• _What is needed_
Copy the entries below exactly. Images do not belong in the copy.

[[ Dataset open ]]

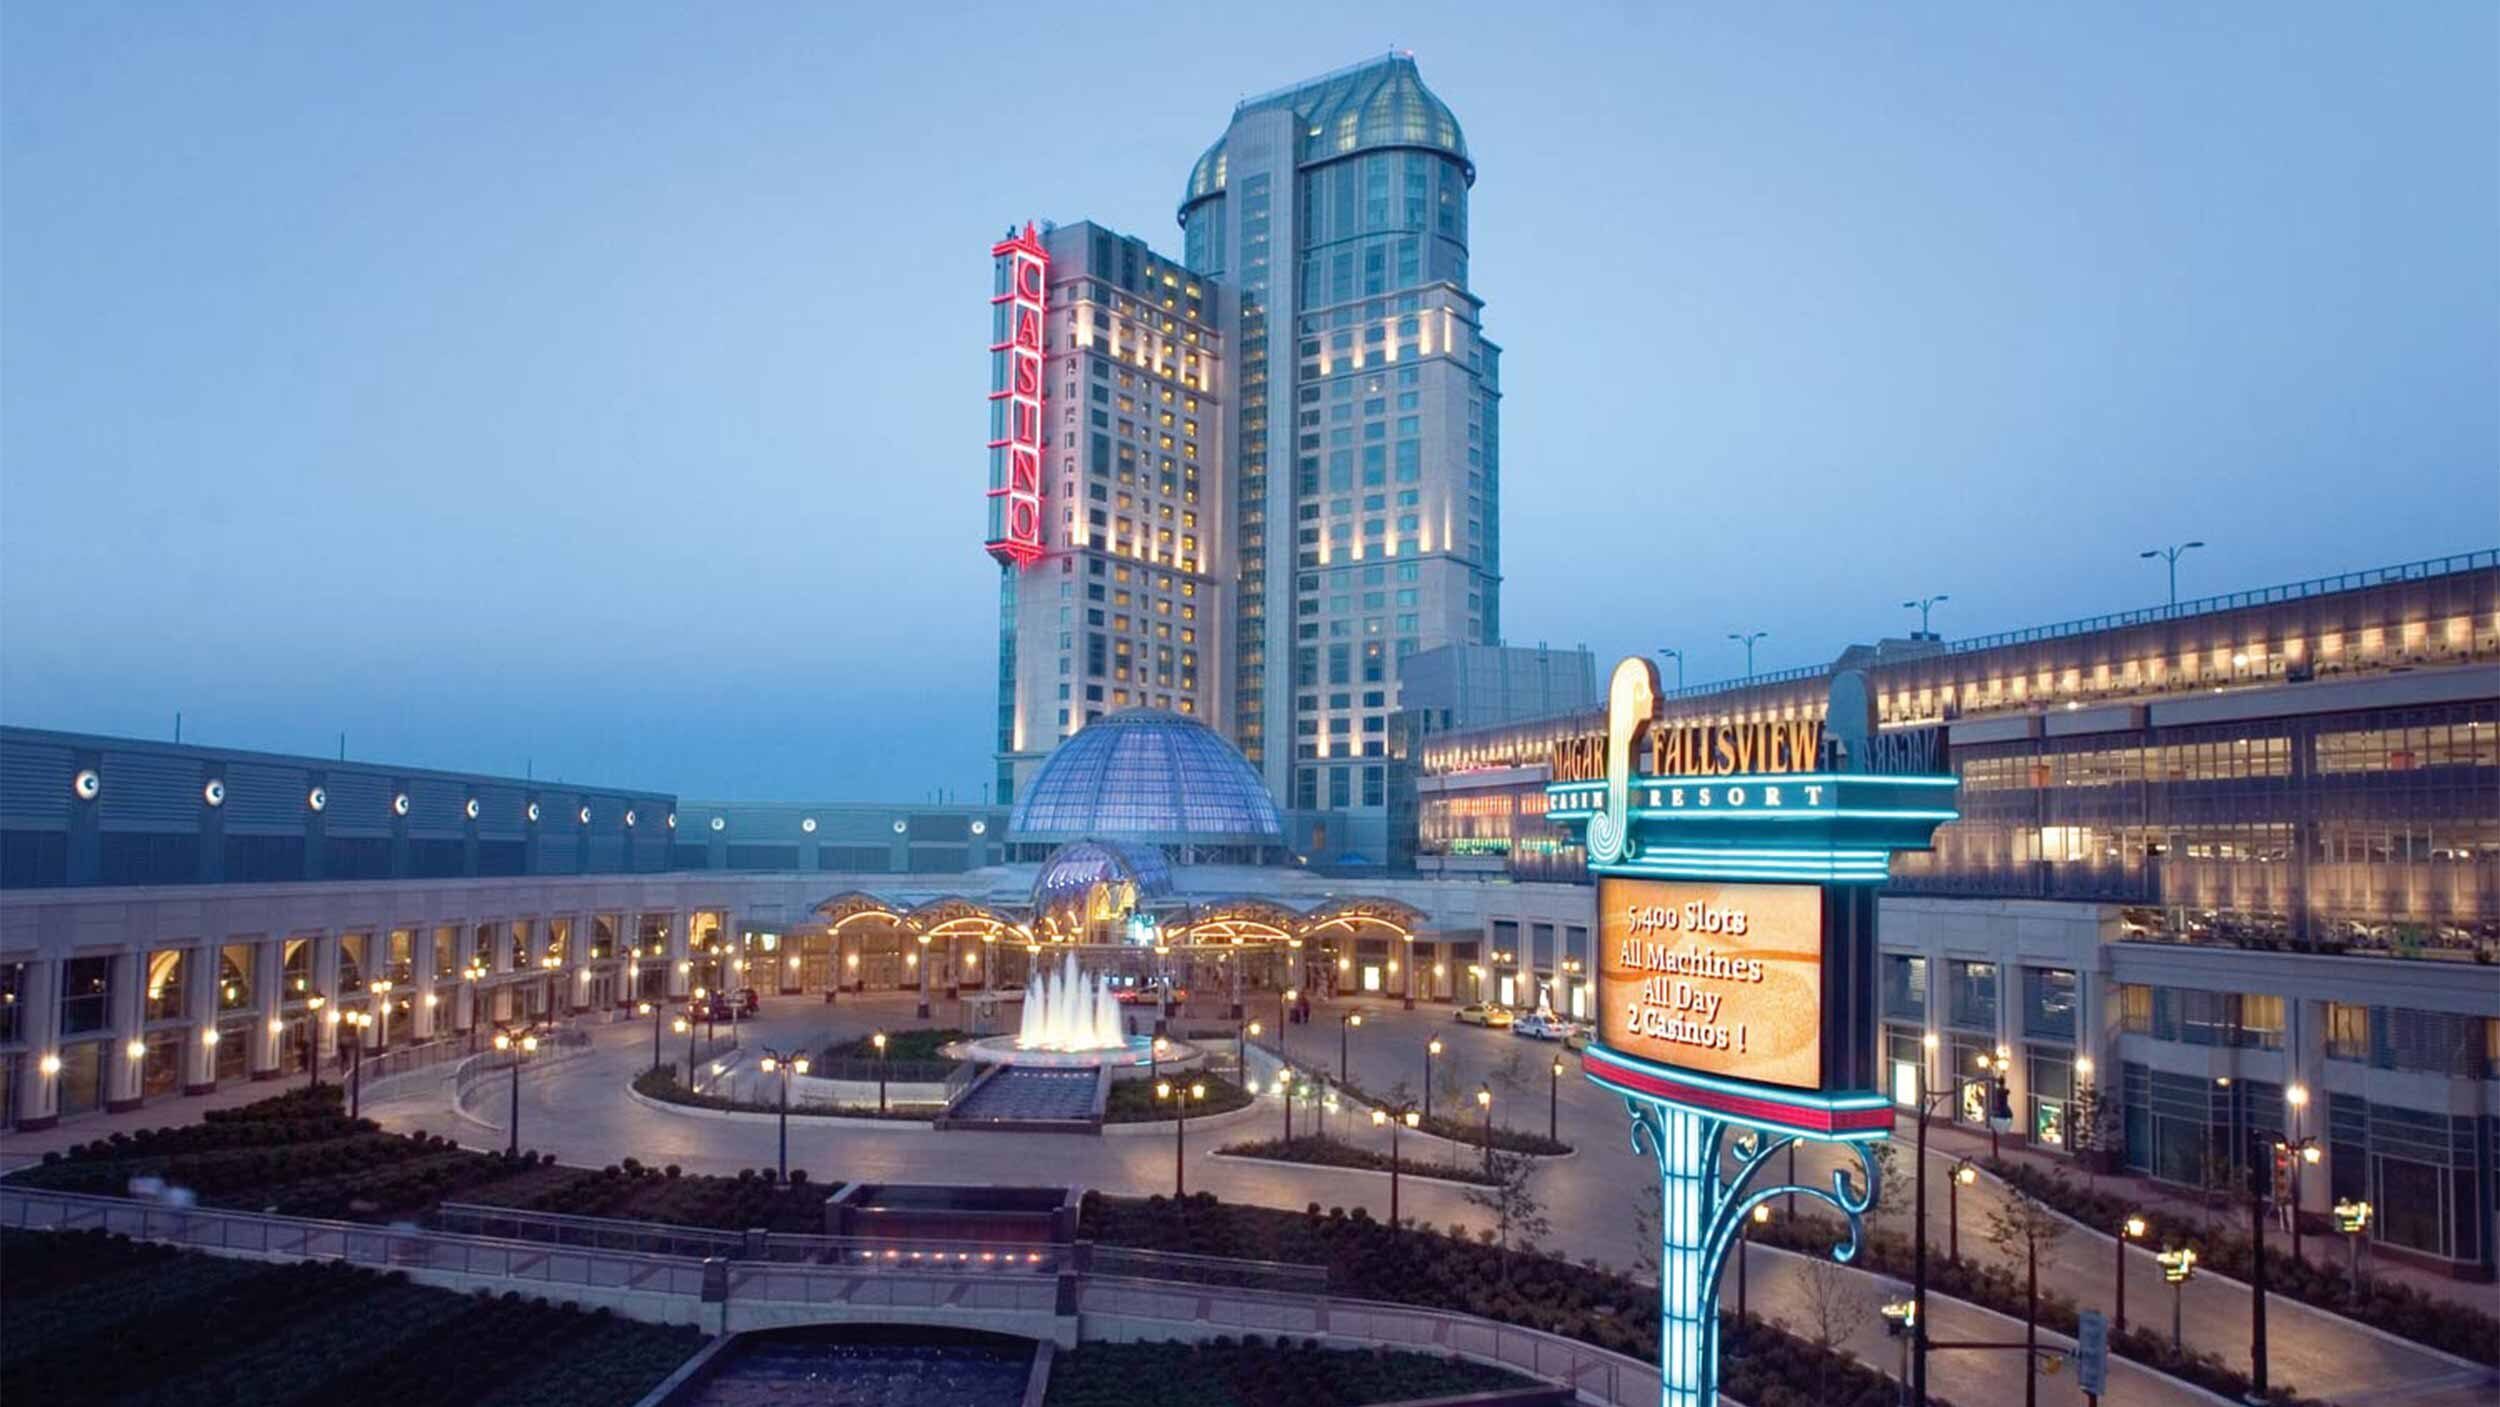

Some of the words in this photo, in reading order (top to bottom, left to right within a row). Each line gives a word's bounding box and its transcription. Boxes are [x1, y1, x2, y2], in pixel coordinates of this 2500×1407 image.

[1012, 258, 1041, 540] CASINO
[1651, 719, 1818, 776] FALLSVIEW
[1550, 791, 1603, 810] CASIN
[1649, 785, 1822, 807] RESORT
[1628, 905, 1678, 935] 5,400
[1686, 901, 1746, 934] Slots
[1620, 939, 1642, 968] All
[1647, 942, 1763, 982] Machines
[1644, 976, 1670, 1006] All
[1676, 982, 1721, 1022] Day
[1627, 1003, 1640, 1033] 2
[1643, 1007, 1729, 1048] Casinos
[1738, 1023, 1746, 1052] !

[[ Dataset closed ]]

• _Response to the task_
Some of the words in this photo, in reading order (top to bottom, left to right within a row). Each line gives a word's bounding box and its transcription. Boxes are [x1, y1, x2, y2], in pixel coordinates of this 2500×1407 image.

[1012, 258, 1041, 540] CASINO
[1651, 719, 1818, 776] FALLSVIEW
[1550, 791, 1603, 810] CASIN
[1649, 785, 1822, 807] RESORT
[1628, 905, 1678, 935] 5,400
[1686, 901, 1746, 934] Slots
[1620, 939, 1642, 968] All
[1647, 942, 1763, 982] Machines
[1644, 976, 1670, 1006] All
[1676, 982, 1721, 1022] Day
[1627, 1003, 1640, 1033] 2
[1643, 1007, 1729, 1048] Casinos
[1738, 1023, 1746, 1052] !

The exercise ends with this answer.